▶

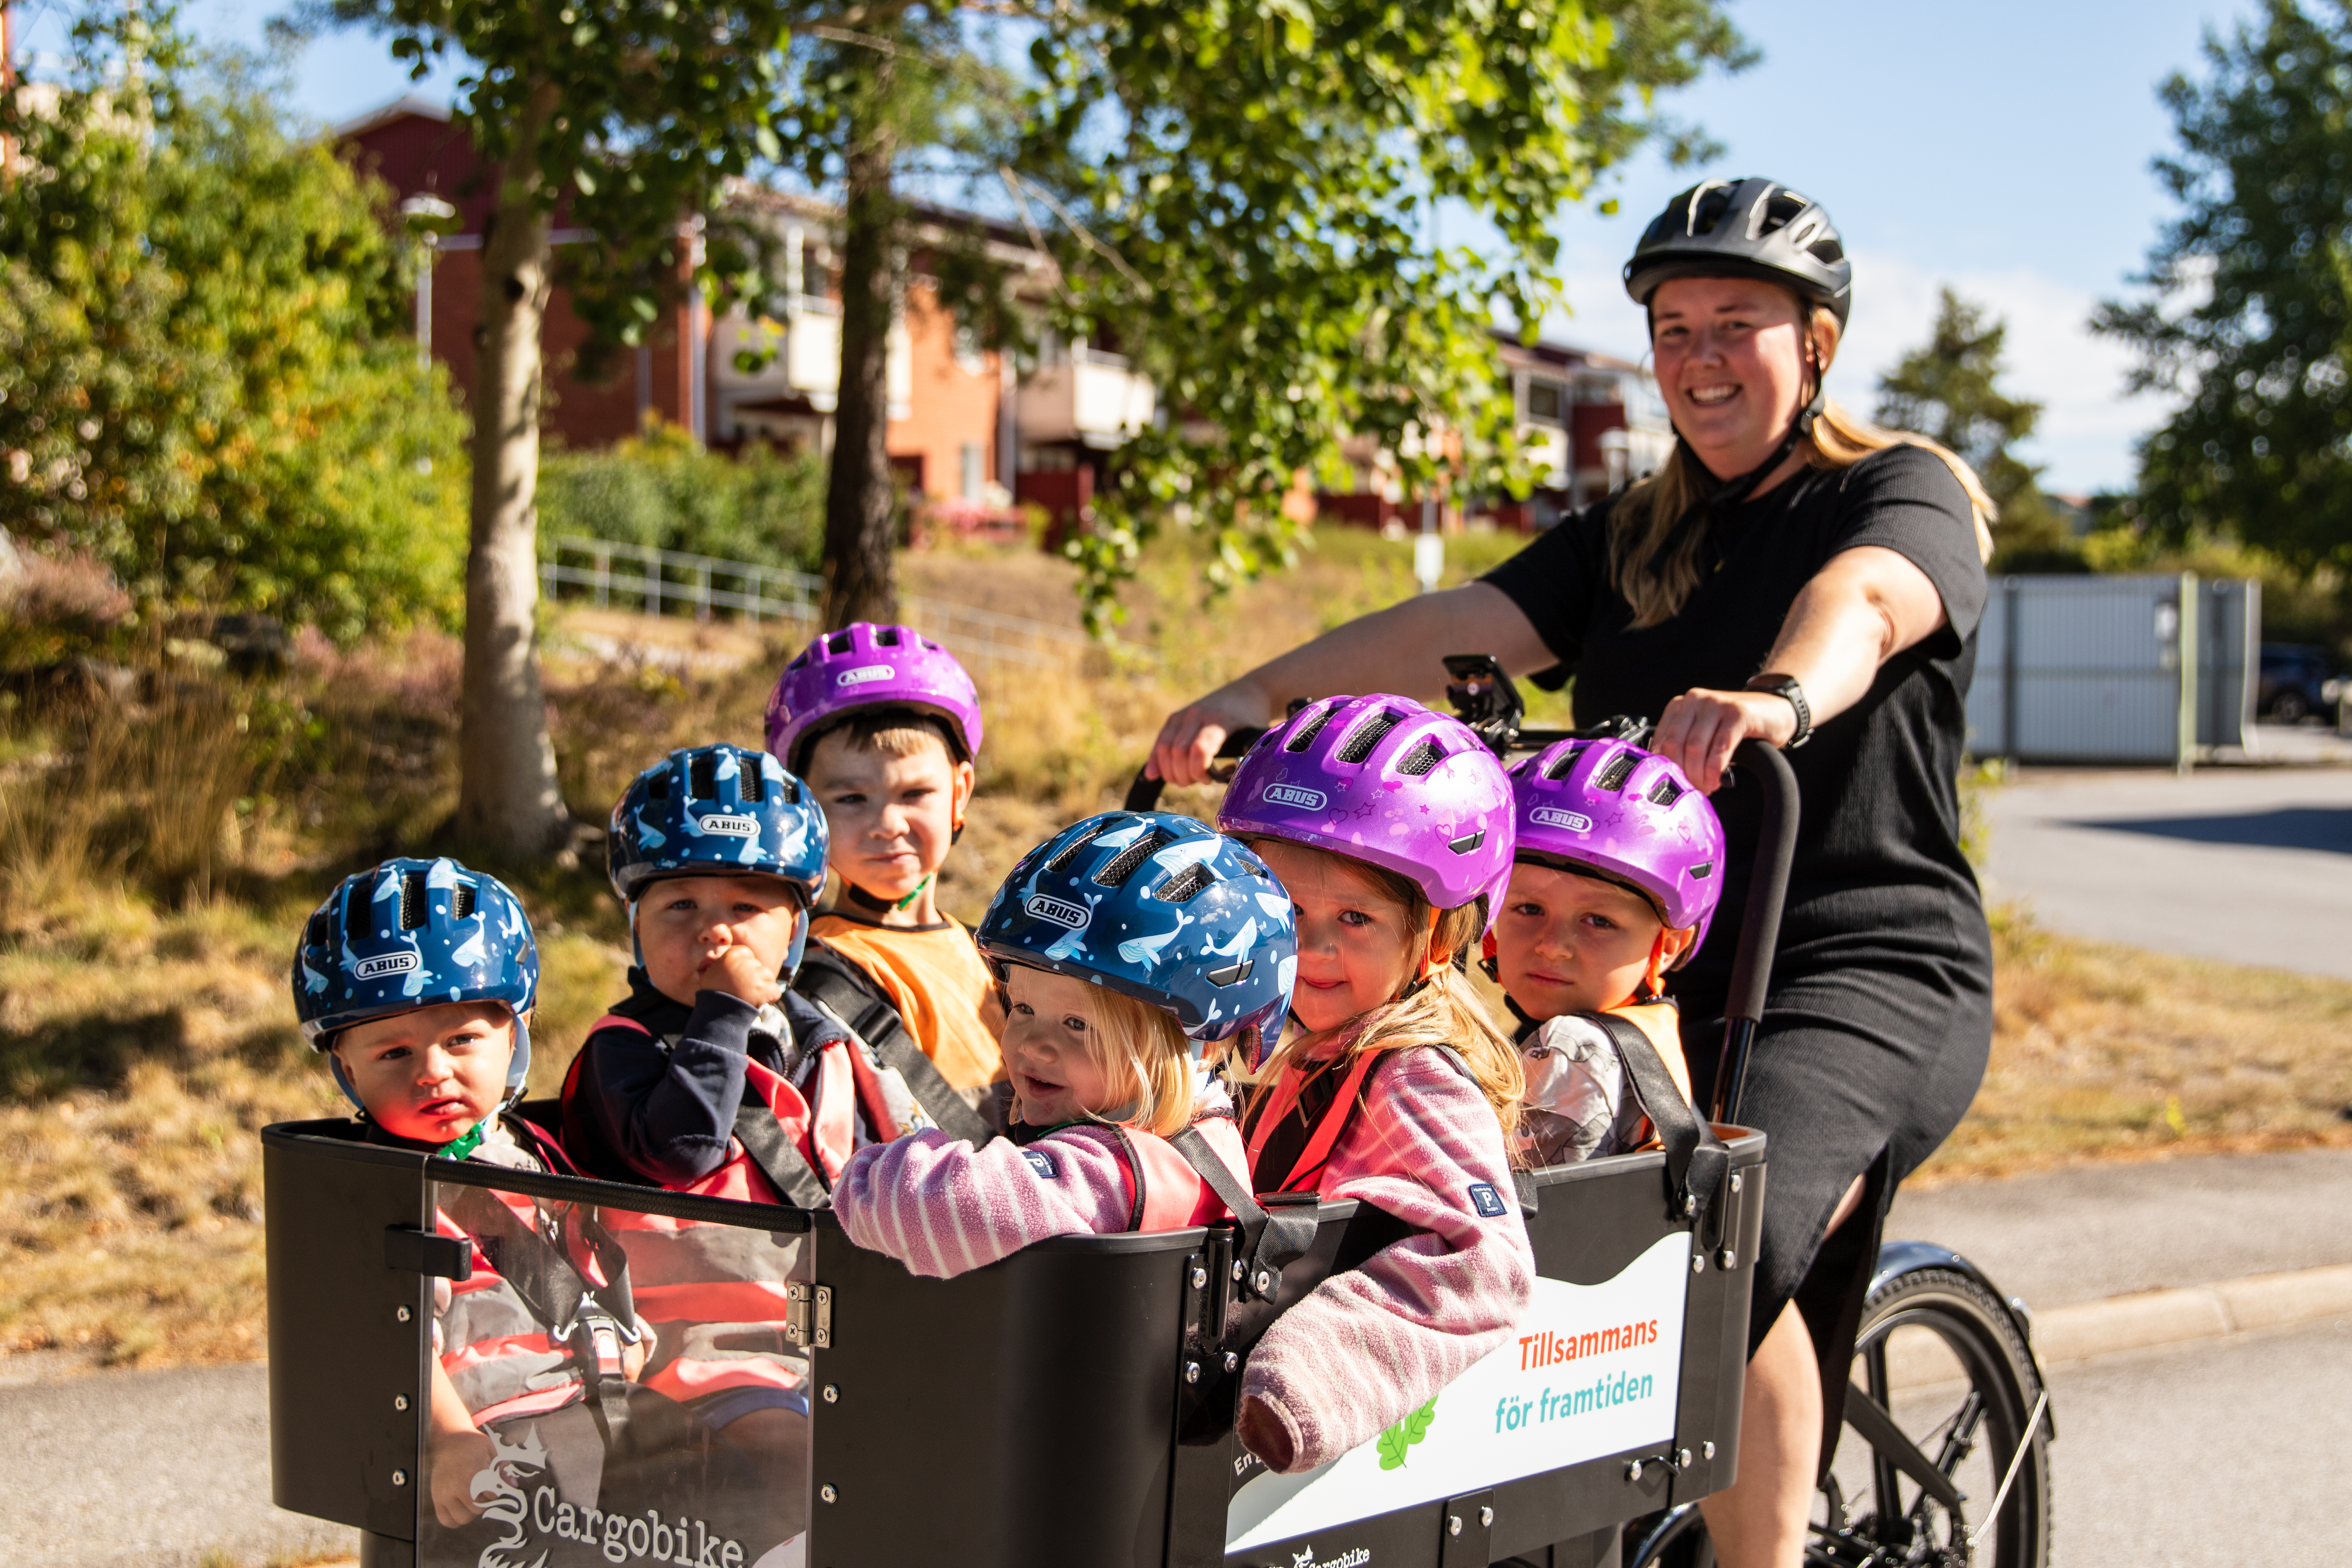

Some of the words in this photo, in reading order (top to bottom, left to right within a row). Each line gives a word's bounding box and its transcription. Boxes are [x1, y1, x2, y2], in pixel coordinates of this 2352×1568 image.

[1269, 787, 1319, 806] ABUS
[709, 820, 750, 831] ABUS
[1536, 810, 1585, 828] ABUS
[1032, 900, 1081, 924] ABUS
[363, 957, 409, 974] ABUS
[1482, 1191, 1492, 1207] P
[1519, 1319, 1657, 1371] Tillsammans
[1496, 1395, 1533, 1433] för
[1540, 1371, 1652, 1423] framtiden
[1234, 1453, 1252, 1476] En
[534, 1485, 744, 1568] Cargobike

◀

In the copy, keep every line of the data above exactly and drop each picture.

Some of the words in this photo, in reading order (top to bottom, left to right within a row). Each line gives a word's bounding box and its transcription. Boxes are [x1, y1, x2, y2], in pixel coordinates of this 2352×1568 image.

[1269, 787, 1319, 806] ABUS
[709, 820, 750, 831] ABUS
[1536, 810, 1585, 828] ABUS
[1032, 900, 1081, 924] ABUS
[363, 957, 409, 974] ABUS
[1482, 1191, 1492, 1207] P
[1519, 1319, 1657, 1371] Tillsammans
[1496, 1395, 1533, 1433] för
[1540, 1371, 1652, 1423] framtiden
[1234, 1453, 1252, 1476] En
[534, 1485, 744, 1568] Cargobike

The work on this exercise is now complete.